Title: RE: Repeater Police
Post by: N7RCF on June 17, 2010, 08:33:18 AM
Recently, I was listening to a QSO on our club repeater between two of our newest hams. One is 10 the other is 14 and had just received their tickets. I was smiling as I was listening and proud of them. Just then, a self appointed repeater cop breaks into their QSO and tells them to STOP using “over” at the end of a transmission. “That’s CB talk and we don’t allow that kind of thing here”. He then told them that at the end of a transmission, they should say QSL? And the other party should confirm by saying QSL.
These two very intelligent young men have not let such things bother them and are very active on our repeater. As for the repeater cop, after demanding that people say QSL? he has been asked if he is wanting a QSL card  :D


Title: RE: Repeater Police
Post by: N2EY on June 17, 2010, 10:11:17 AM
Recently, I was listening to a QSO on our club repeater between two of our newest hams. One is 10 the other is 14 and had just received their tickets. I was smiling as I was listening and proud of them. Just then, a self appointed repeater cop breaks into their QSO and tells them to STOP using “over” at the end of a transmission. “That’s CB talk and we don’t allow that kind of thing here”. He then told them that at the end of a transmission, they should say QSL? And the other party should confirm by saying QSL.
These two very intelligent young men have not let such things bother them and are very active on our repeater. As for the repeater cop, after demanding that people say QSL? he has been asked if he is wanting a QSL card  :D

The repeater cop had it exactly backwards.

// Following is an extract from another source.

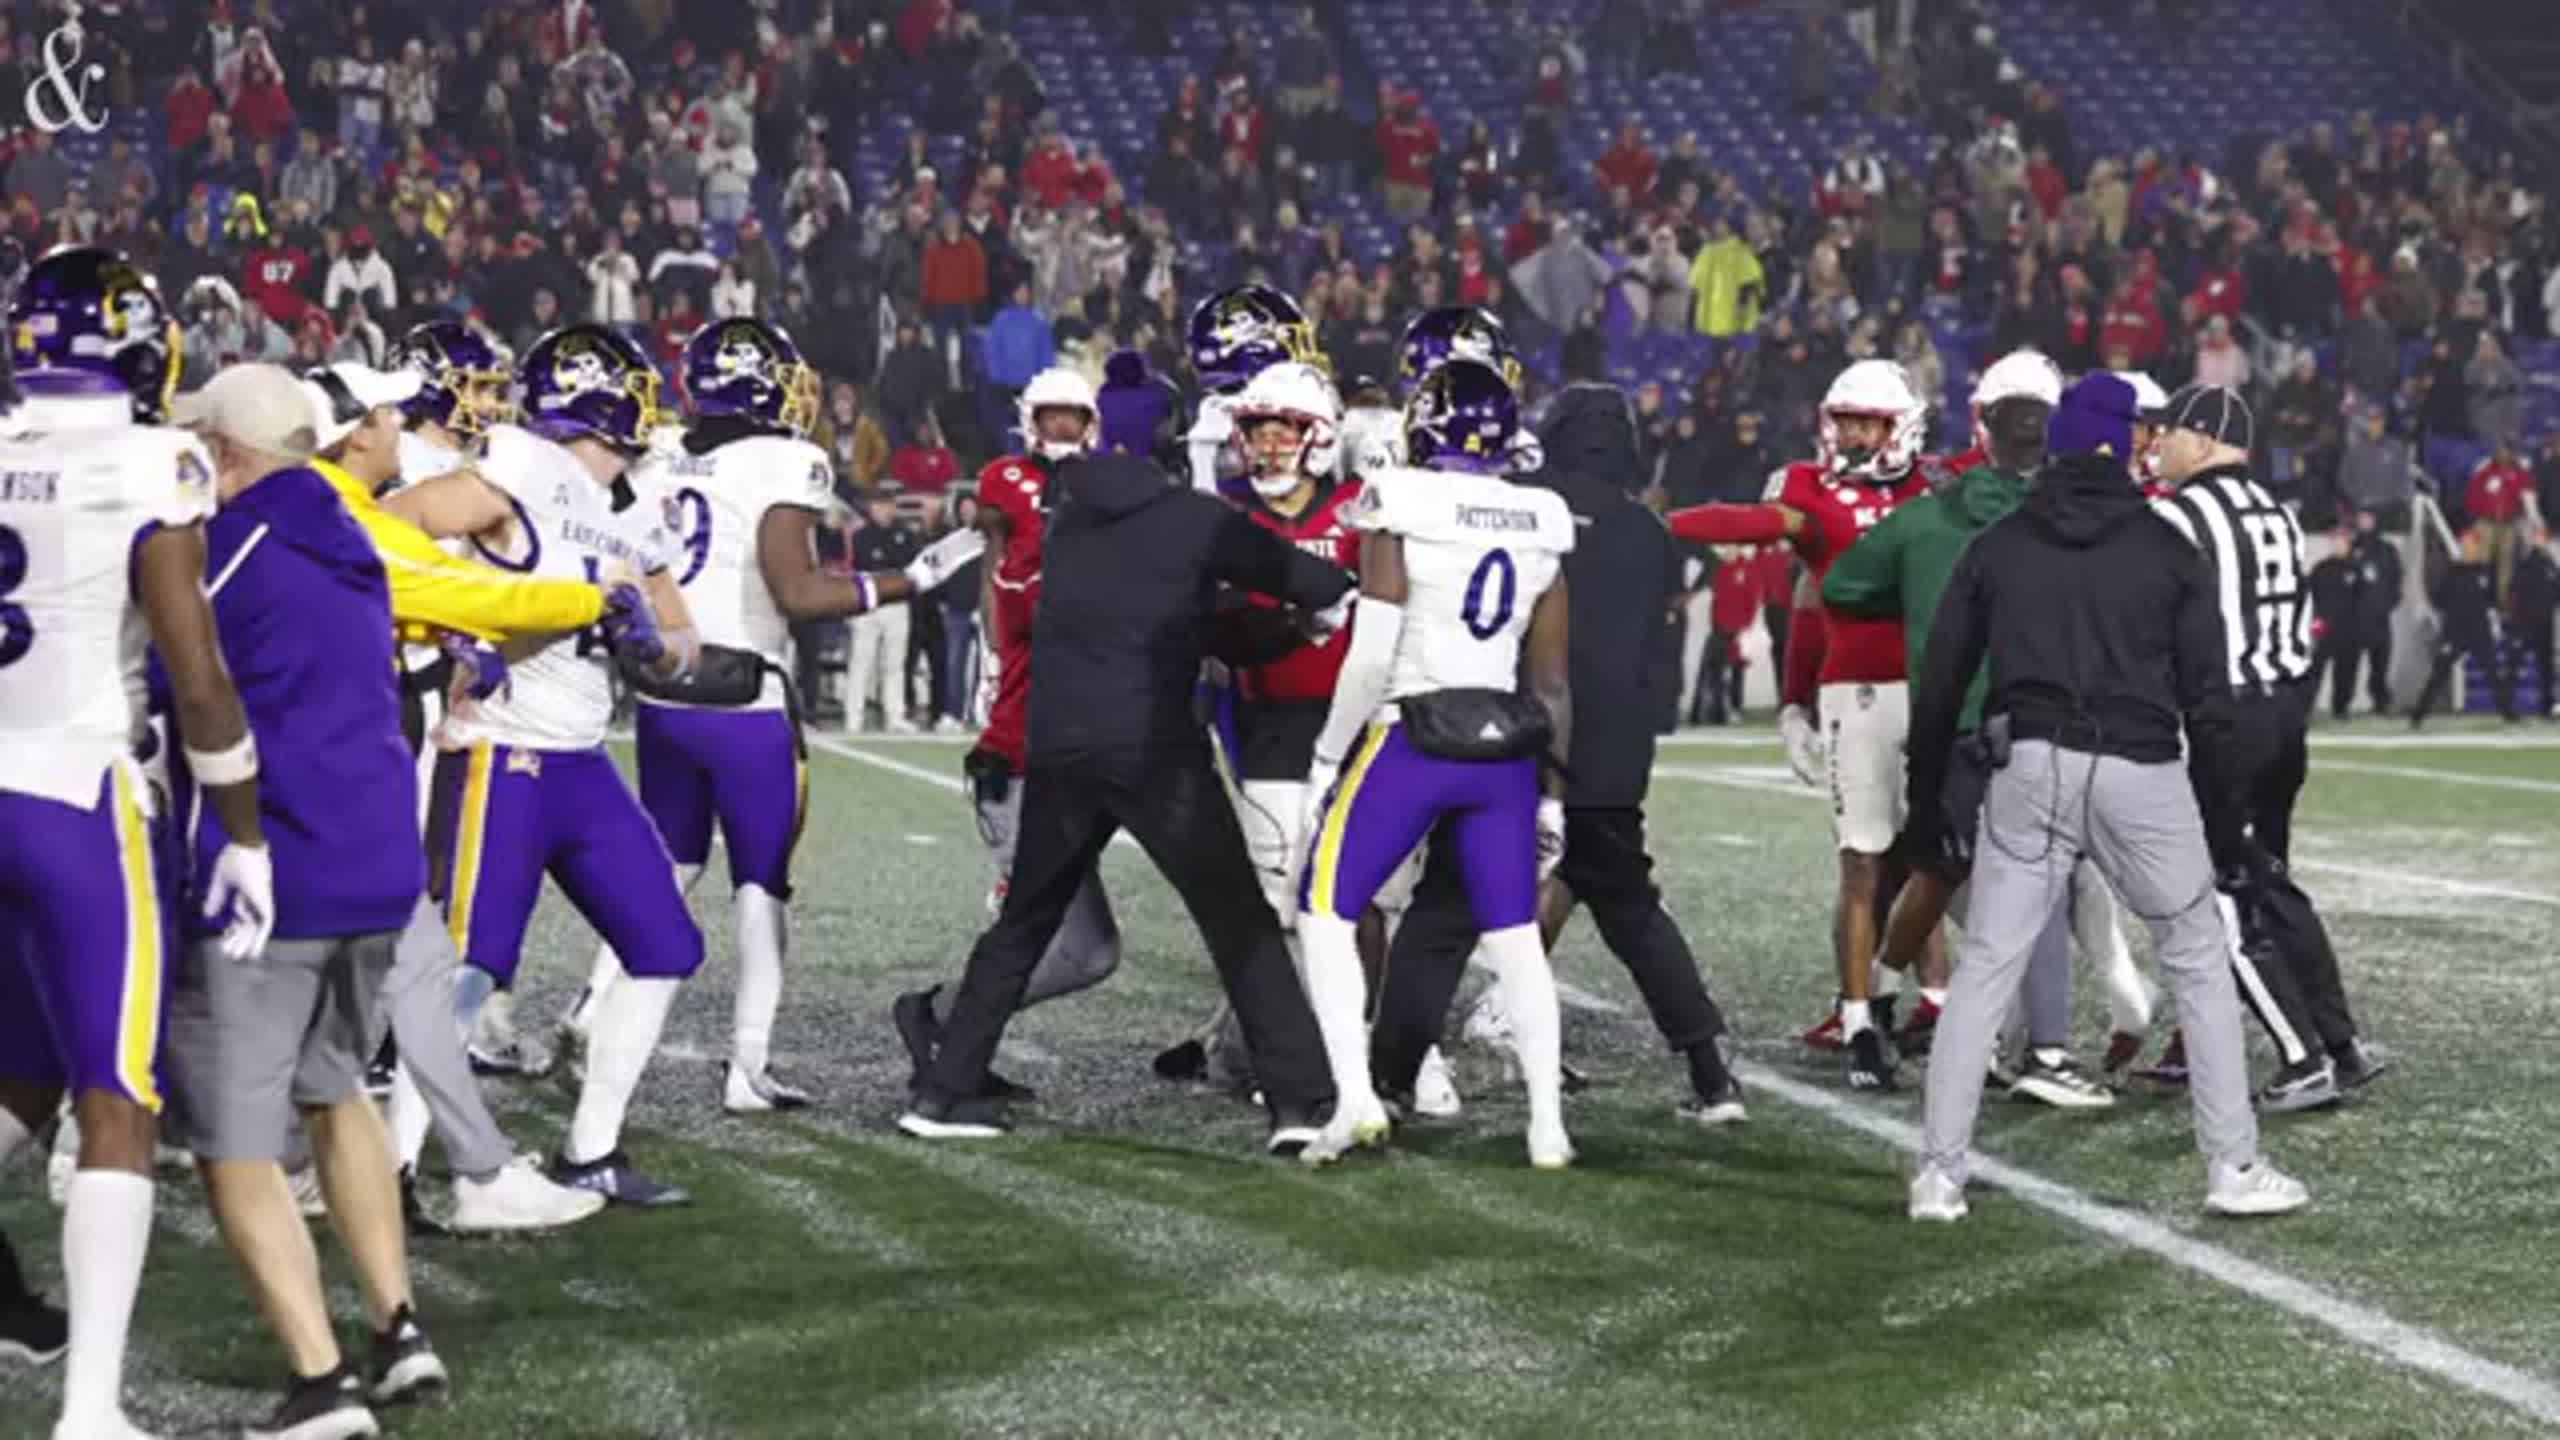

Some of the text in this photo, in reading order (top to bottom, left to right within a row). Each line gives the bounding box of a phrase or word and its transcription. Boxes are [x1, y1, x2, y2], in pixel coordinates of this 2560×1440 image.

[1456, 502, 1538, 532] PATTERSON
[2241, 514, 2297, 597] H
[1460, 547, 1516, 641] 0

Title: RE: Repeater Police
Post by: W3LK on June 17, 2010, 02:15:00 PM
Recently, I was listening to a QSO on our club repeater between two of our newest hams. One is 10 the other is 14 and had just received their tickets. I was smiling as I was listening and proud of them. Just then, a self appointed repeater cop breaks into their QSO and tells them to STOP using “over” at the end of a transmission. “That’s CB talk and we don’t allow that kind of thing here”. He then told them that at the end of a transmission, they should say QSL? And the other party should confirm by saying QSL.
These two very intelligent young men have not let such things bother them and are very active on our repeater. As for the repeater cop, after demanding that people say QSL? he has been asked if he is wanting a QSL card  :D

Another ignoramus who doesn't know nearly as much as he thinks he does - especially about voice communications protocols.